O tesouro da Netflix que pouquíssimas pessoas assistiram Matt Nettheim / Netflix

O tesouro da Netflix que pouquíssimas pessoas assistiram

Os filmes de zumbi são uma excelente maneira que o cinema encontrou para levantar discussões acerca da degradação do meio ambiente, da perversão dos costumes, da desesperança atávica do gênero humano, que se entrega gostosamente ao primeiro salvador que lhe aparece, mas depois não tem a menor ideia de como fazer para reaver sua própria vida depois.

Martin Freeman literalmente leva a humanidade nas costas em “Cargo” (2018). O drama australiano de Ben Howling e Yolanda Ramke erige uma alegoria poderosa ao aludir à disseminação de uma moléstia contagiosa que faz com que quem a contraia seja forçado a, gradualmente, abdicar de sua condição de ser humano. Entram em cena a atração incontrolável por carne crua (e se de outra pessoa, tanto melhor), o aspecto monstruoso, a insensibilidade a luz e a ruídos — todos os chavões desse tipo de narrativa —, mas aqui o argumento do autossacrifício em nome de uma causa que se entende nobre ganha novo fôlego, mérito de Martin Freeman e de uma grande parceira.

Quando o filme tem início, o planeta já está tomado por algo que se acredita ser um vírus. Apesar do cenário apocalíptico, Andy, o protagonista vivido por Freeman, mantém unida sua compacta família, e se não soubesse que o mundo vive sua pior catástrofe, até poderia dizer que é feliz: Kay (Susie Porter), sua mulher, e Rosie (as gêmeas Lily-Anne e Marlee Jane McPherson-Dobbins), a filha do casal, continuam a salvo da nova ameaça, a respeito da qual ainda não se sabe o bastante.

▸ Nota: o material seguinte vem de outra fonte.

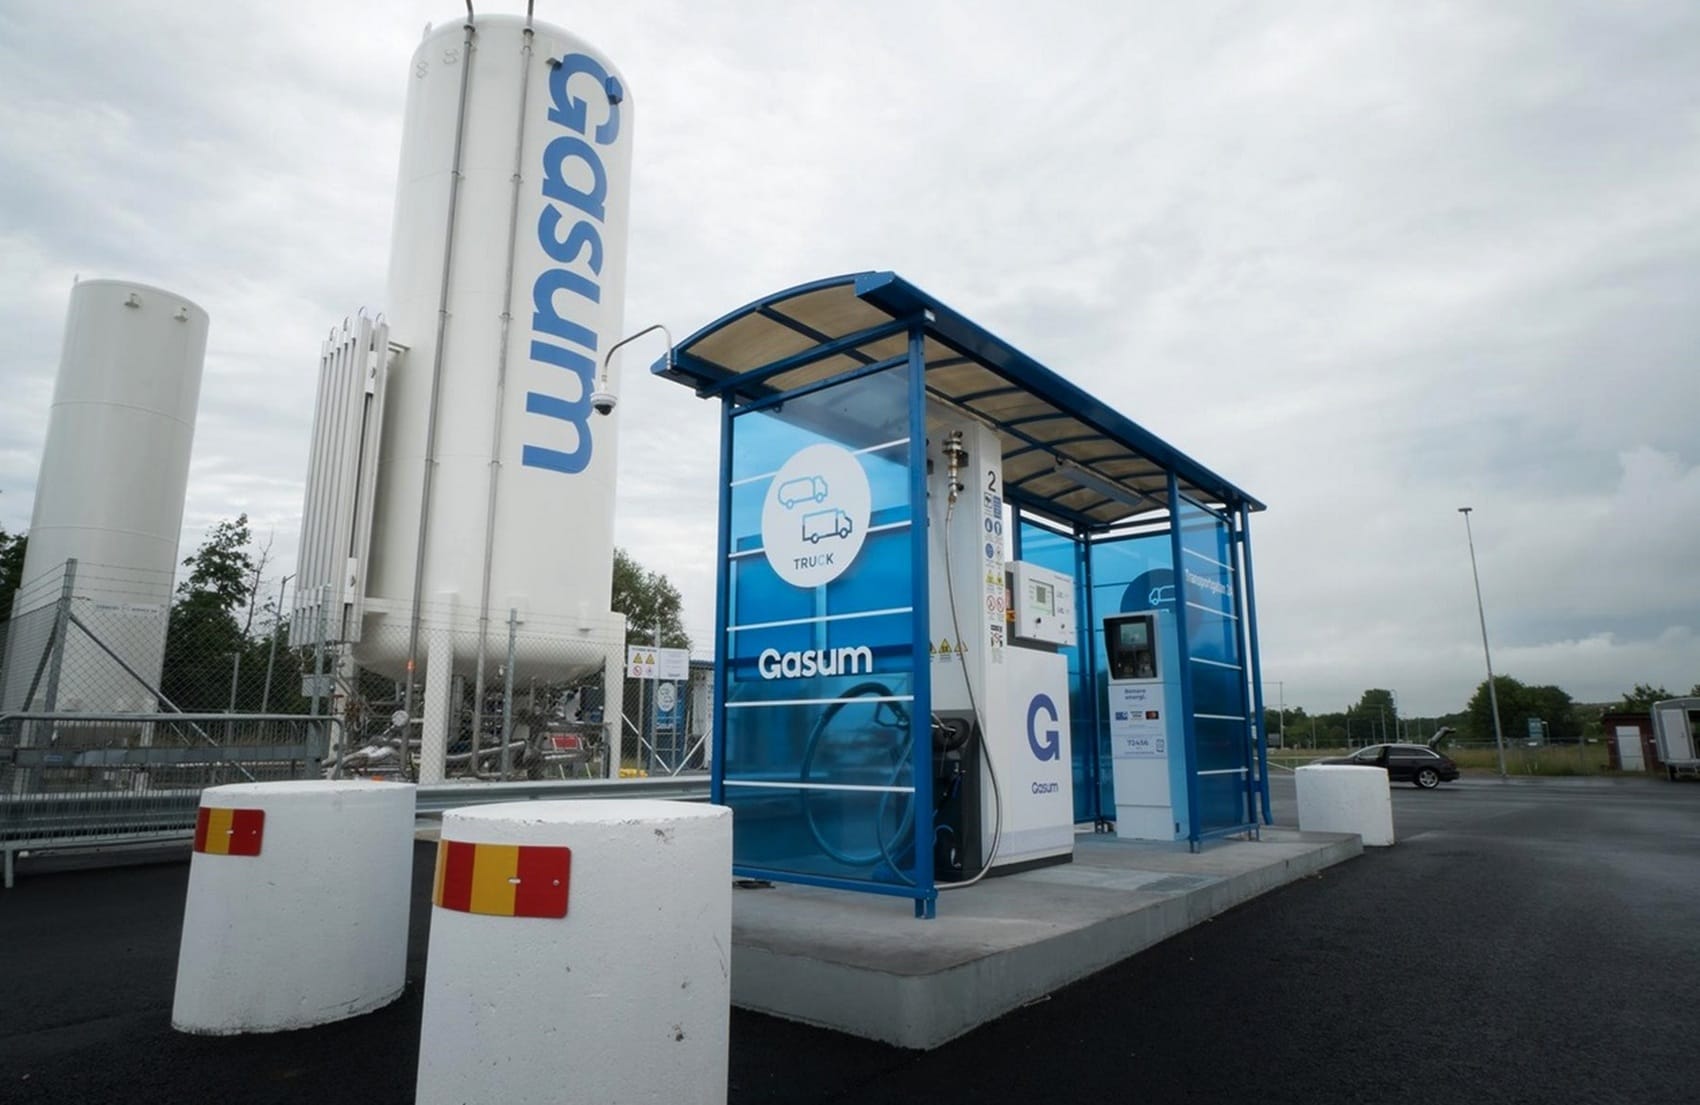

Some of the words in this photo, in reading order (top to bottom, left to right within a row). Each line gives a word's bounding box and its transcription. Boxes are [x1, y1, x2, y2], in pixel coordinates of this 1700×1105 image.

Mas eles não têm mais casa, têm de se deslocar de uma estância a outra numa balsa à cata da parca comida que puderem conseguir, os rios estão cada vez mais empestados, aqueles que sobrevivem desenvolvem uma mentalidade pautada pela paranoia, por nunca terem certeza do quão mais de tempo poderão usufruir sem serem vitimados, além de serem obrigados a encarar qualquer indivíduo como alguém que quer lhe beber o sangue. Um lugar nada salubre para se criar um filho.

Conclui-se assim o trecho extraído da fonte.